Je pense que tu m'as écrit à la clinique, j'irai aujourd'hui ou demain pour prendre le mandat que les marraines y ont envoyé. J'ai dû donner 430 F à la clinique, pour 3 jours : 75 F par jour + 157 F pour la salle d'opération et les infirmières (opération non comprise) et 50 F pour les pansements. Ces braves soeurs n'y perdent pas. Heureusement qu'Henriette m'avait apporté de l'argent pour m'aider à régler avant le départ.
Je te remercie pour les photos envoyées à Paris avec souhaits de fête. Et tous nos compliments, elles sont très bien réussies.
C'est regrettable, en effet, que tu ne sois pas allé à St-Cyr avant de quitter Lyon, mais tu sais bien que tout le monde te l'a déconseillé, puisque François ne recevait plus de visites (1). Mais pourquoi n'as-tu pas envoyé de condoléances ? Je t'assure que tu as eu tort. Quant à nous, vu les circonstances, nous sommes tout excusées, et nos cousins le comprendront certainement.
Il pleut depuis plusieurs jours, c'est lamentable, on aurait pourtant bien besoin de beau temps pour retaper Jean qui a déjà perdu sa bonne mine.
Le docteur Rosnoblet m'a dit hier que je n'aurais qu'à lui donner les feuilles d'assurances, il marquera ce qu'il faut, ainsi que la clinique.

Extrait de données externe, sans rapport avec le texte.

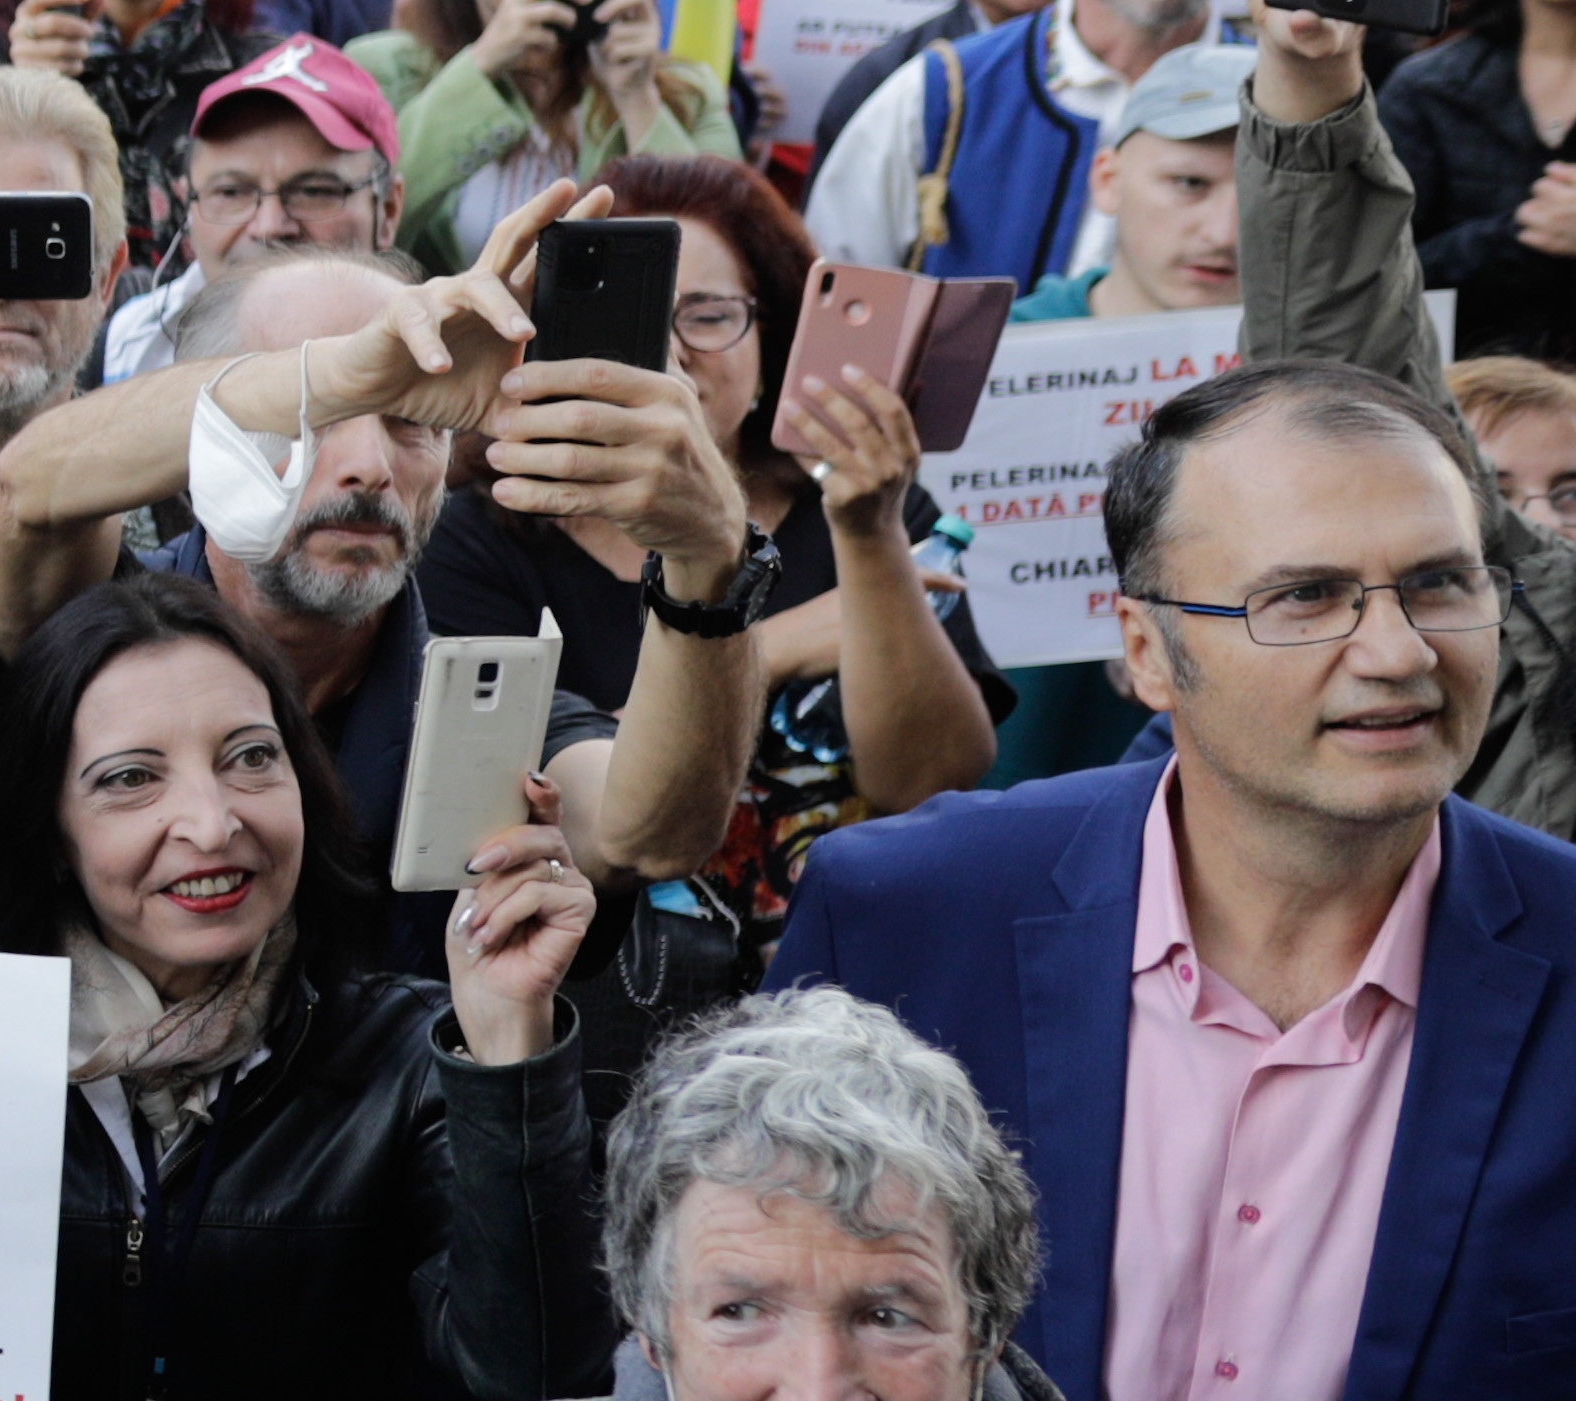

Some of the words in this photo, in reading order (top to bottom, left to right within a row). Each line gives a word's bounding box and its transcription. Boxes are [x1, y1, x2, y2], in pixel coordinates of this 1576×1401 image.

Je n'aurai qu'à lui donner mon reçu.
Au revoir, mon cher homme. Nous regrettons bien de te sentir si loin de nous en ce moment. J'espère que tu ne te tourmentes pas plus qu'il ne faut. Les marraines t'embrassent, et moi je me serre sur ton vieux coeur.
Fenon"


(1) François Mouterde (cousin germain de Marie), décédé fin juillet.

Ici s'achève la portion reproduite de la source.